<tgmath.h>
is a header provided by the standard C library,introduced in C99 to allow easier porting of Fortran numerical software to C.
Fortran, unlike C, provides "intrinsic functions", which are a part of the language and behave more like
operators. While ordinary ("external") functions behave similarly to C functions with respect to types
(the types of arguments and parameters must match and the restult type is fixed), intrinsic functions accept arguments of several types and their return type may depend on the type of their arguments.
For example Fortran 77 provides, among others, an `INT` function which accepts `Integer`, `Real`, `Double` or `Complex` arguments and always returns an `Integer`,
and a `SIN` function which accepts `Real`, `Double` or `Complex`
arguments and returns a value of the same type.
This helps the programmer somewhat because the function calls don't have to be changed
if variable types change. On the other hand user-defined
functions can't behave this way, so the additional flexibility is really limited to single subroutines that don't
need to call user-defined functions.
Some C programmers would call the feature ugly from the above description already, for the same
reason integrating `printf` into the language would be ugly.
This functionality was incorporated in C99 together with other features for better support of numerical
computation and it is provided in the abovementioned
<tgmath.h>
header.Provided are goniometric and logarithmic functions, functions for rounding and a few others.

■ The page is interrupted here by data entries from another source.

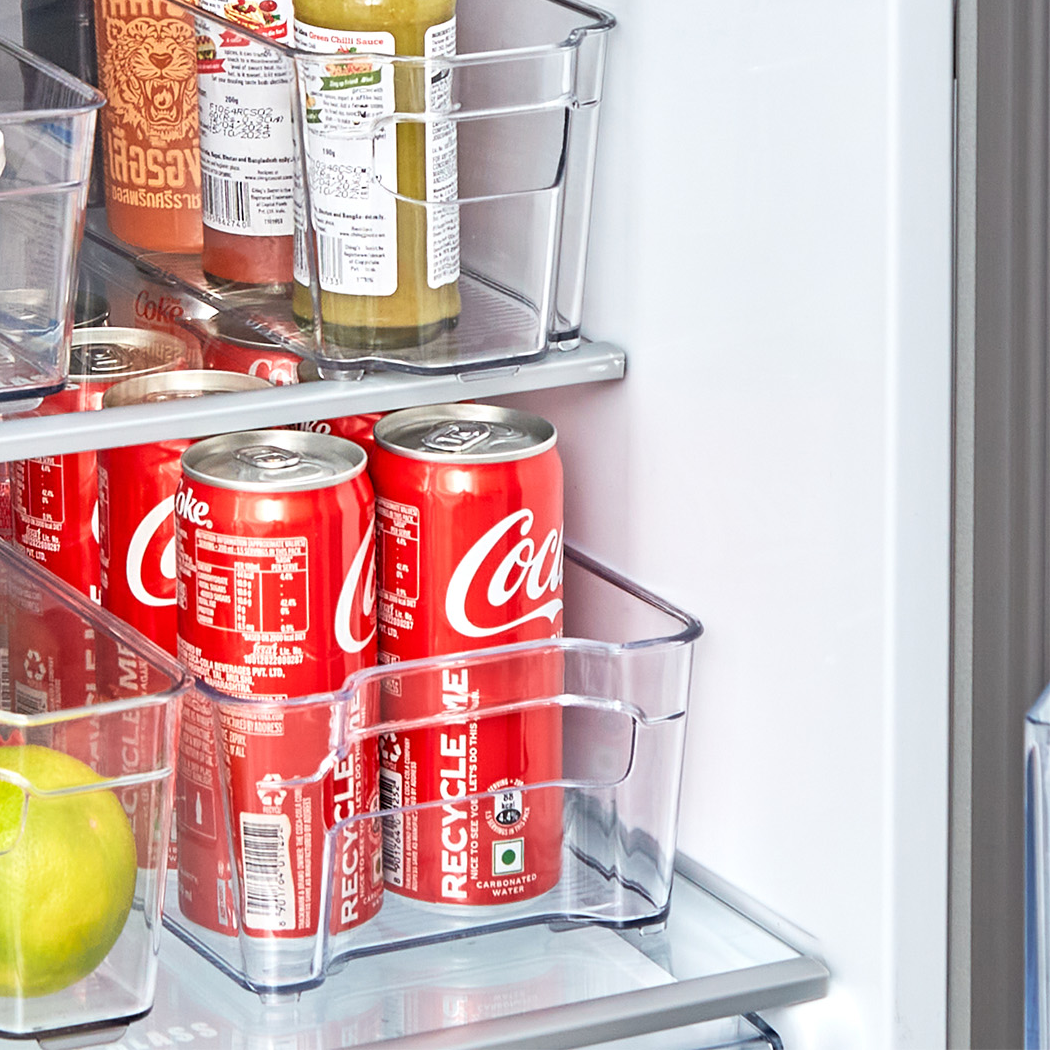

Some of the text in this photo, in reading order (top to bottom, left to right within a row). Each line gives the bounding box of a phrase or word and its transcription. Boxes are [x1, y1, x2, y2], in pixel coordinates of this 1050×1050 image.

[309, 31, 384, 46] Green Chilli Sauce
[174, 480, 214, 529] oke.
[214, 661, 251, 676] BEVERAGES
[252, 666, 268, 678] PVT.
[254, 721, 283, 733] ADDRESS
[468, 723, 479, 746] THIS
[468, 747, 479, 763] DO
[355, 764, 362, 780] DO
[468, 764, 479, 792] LET'S
[355, 781, 363, 809] LET'S
[503, 793, 514, 802] 88
[440, 733, 469, 899] RECYCLE
[469, 819, 480, 839] SEE
[334, 753, 359, 926] RECYCLE
[469, 841, 480, 855] TO
[469, 856, 480, 881] NICE
[476, 873, 537, 889] CARBONATED
[492, 885, 525, 897] WATER

The header defines macros that shadow the existing functions from
<math.h>
; e.g. the `cos` macro behaves like the `cos` function when its parameter has type`double`, like `cosf` for `float`, `cosl` for `long double`, `ccos` for `double _Complex`, `ccosf` for `float _Complex`, `ccosl` for `long double _Complex`. Finally, when the parameter has any integer type, the
`cos` function is called, as if the parameter were implicitly converted to `double`.
The second reason why this feature is ugly is that it attempts to imitate functions, but the imitation is imperfect and even dangerous:
If you try to pass the generic macro `cos` as a function parameter, you actually always supply the `cos` function operating on `double`s because the macro expansion doesn't happen when `cos` is not followed
by a left parenthesis.
The final reason why this feature is ugly is that such macros can't be implemented in strictly conforming C, they have to rely on some kind of compiler support - and experience (e.g. the speed with which bugs in the
`glibc` implementation are discovered) seems to suggest this features is used very rarely and doesn't deserve
to be a part of the "core language", especially because the underlying feature is not available.
(Contrast this to
<stdarg.h>
, which is available for portable use.)Now, if the feature is both ugly and not used in practice, why mention it at all? I'm writing this article because I have examined the `glibc` implementation and it is such an ingenious hack that I feel it should
be recorded for posterity, in some better way than this commit message:
>
2000-08-01 Ulrich Drepper <drepper@redhat.com>
> Joseph S. Myers <jsm28@cam.ac.uk>
>
> * math/tgmath.h: Make standard compliant. Don't ask how.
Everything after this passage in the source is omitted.